[WHAT THE EXERCISE ASKS] The data must be reproduced verbatim; images are to be omitted.

[SUPPLIED MATERIAL]
=== Begin Enclosure ===
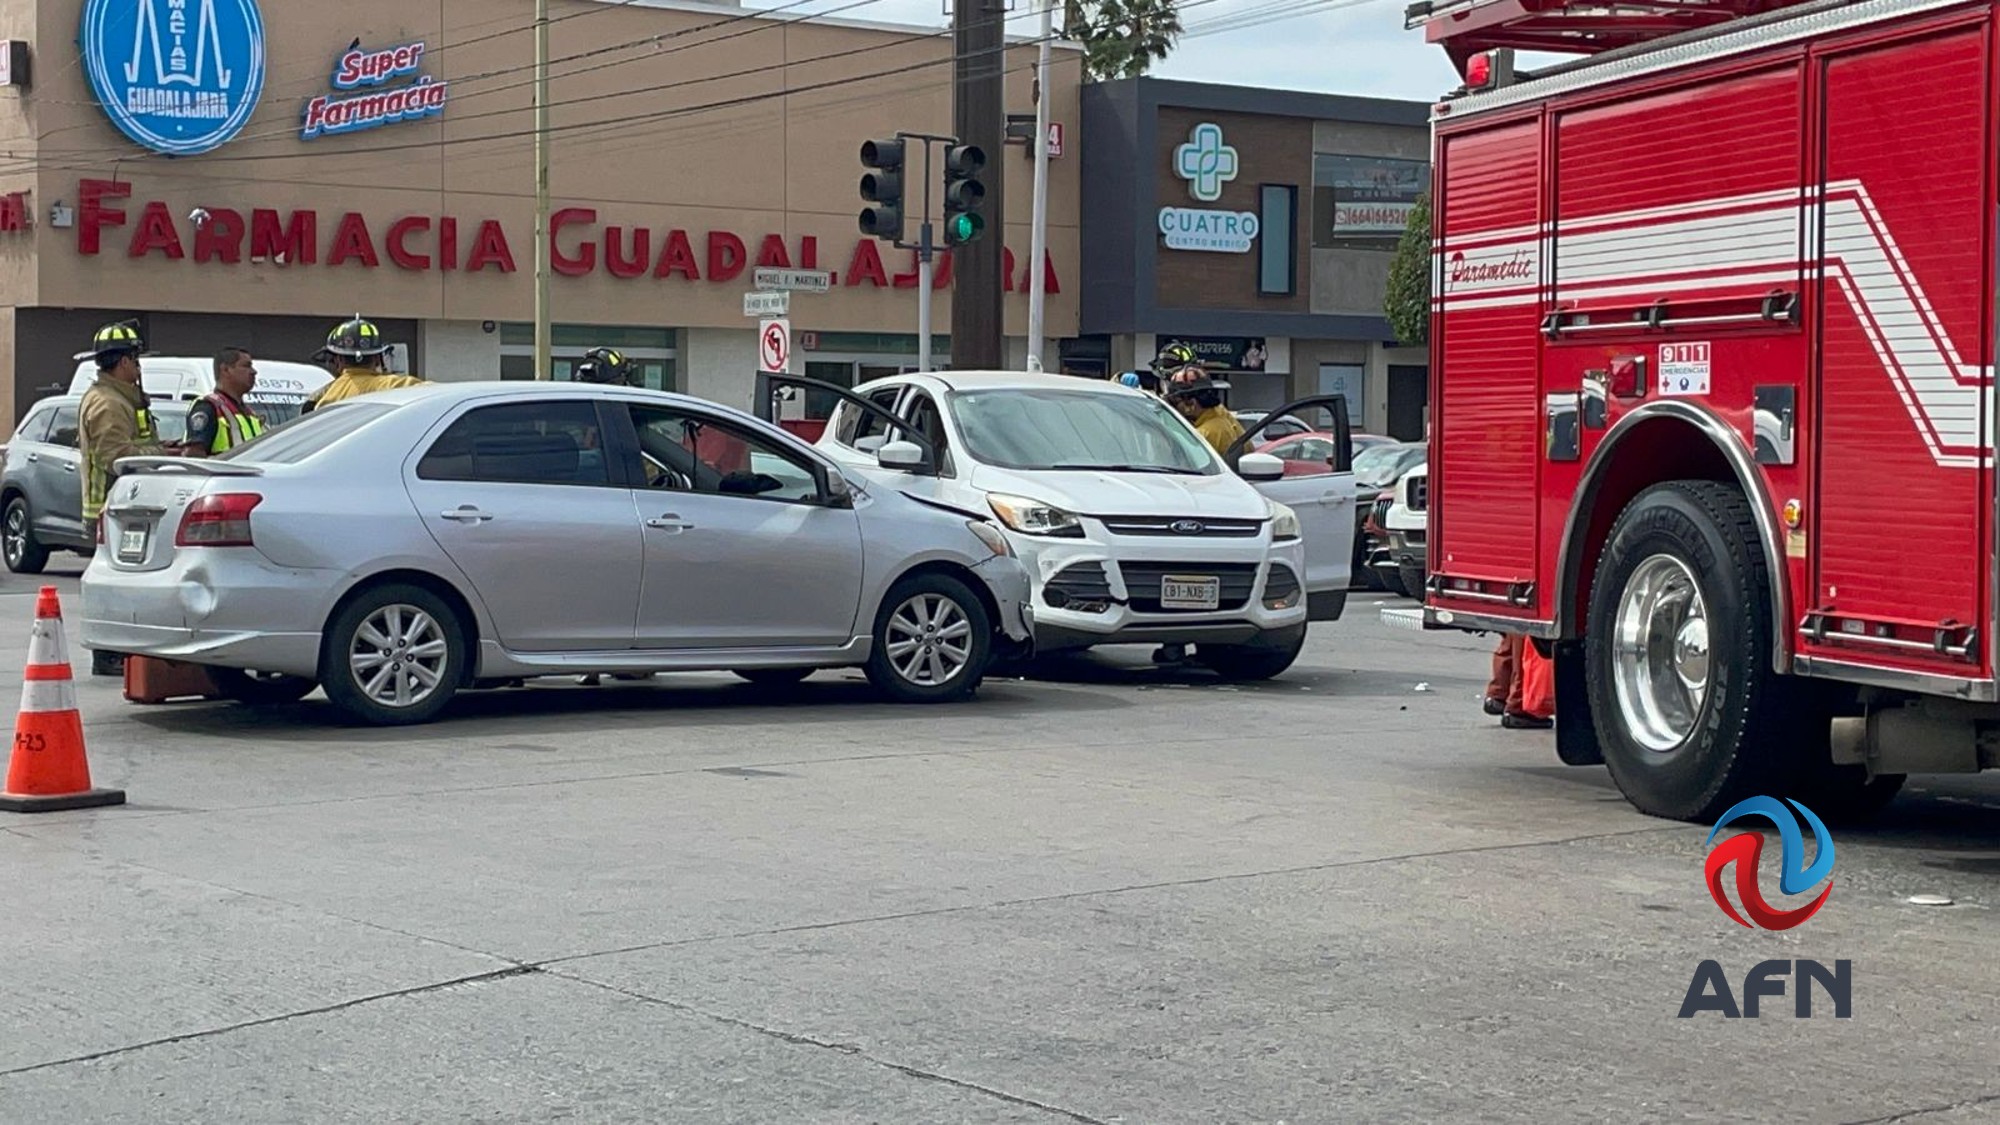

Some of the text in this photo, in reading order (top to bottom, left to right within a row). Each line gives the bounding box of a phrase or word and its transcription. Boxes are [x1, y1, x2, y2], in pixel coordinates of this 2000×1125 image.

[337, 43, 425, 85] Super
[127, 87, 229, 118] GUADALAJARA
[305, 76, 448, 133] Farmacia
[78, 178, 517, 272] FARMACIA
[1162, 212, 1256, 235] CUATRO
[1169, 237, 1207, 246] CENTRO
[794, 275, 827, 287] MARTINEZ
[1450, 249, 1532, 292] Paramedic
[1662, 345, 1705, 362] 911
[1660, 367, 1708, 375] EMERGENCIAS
=== End Enclosure ===
[SOLUTION TO THE PROBLEM]
Some of the text in this photo, in reading order (top to bottom, left to right within a row). Each line gives the bounding box of a phrase or word and its transcription. Boxes are [x1, y1, x2, y2], in pixel coordinates of this 2000×1125 image.

[337, 43, 425, 85] Super
[127, 87, 229, 118] GUADALAJARA
[305, 76, 448, 133] Farmacia
[78, 178, 517, 272] FARMACIA
[1162, 212, 1256, 235] CUATRO
[1169, 237, 1207, 246] CENTRO
[794, 275, 827, 287] MARTINEZ
[1450, 249, 1532, 292] Paramedic
[1662, 345, 1705, 362] 911
[1660, 367, 1708, 375] EMERGENCIAS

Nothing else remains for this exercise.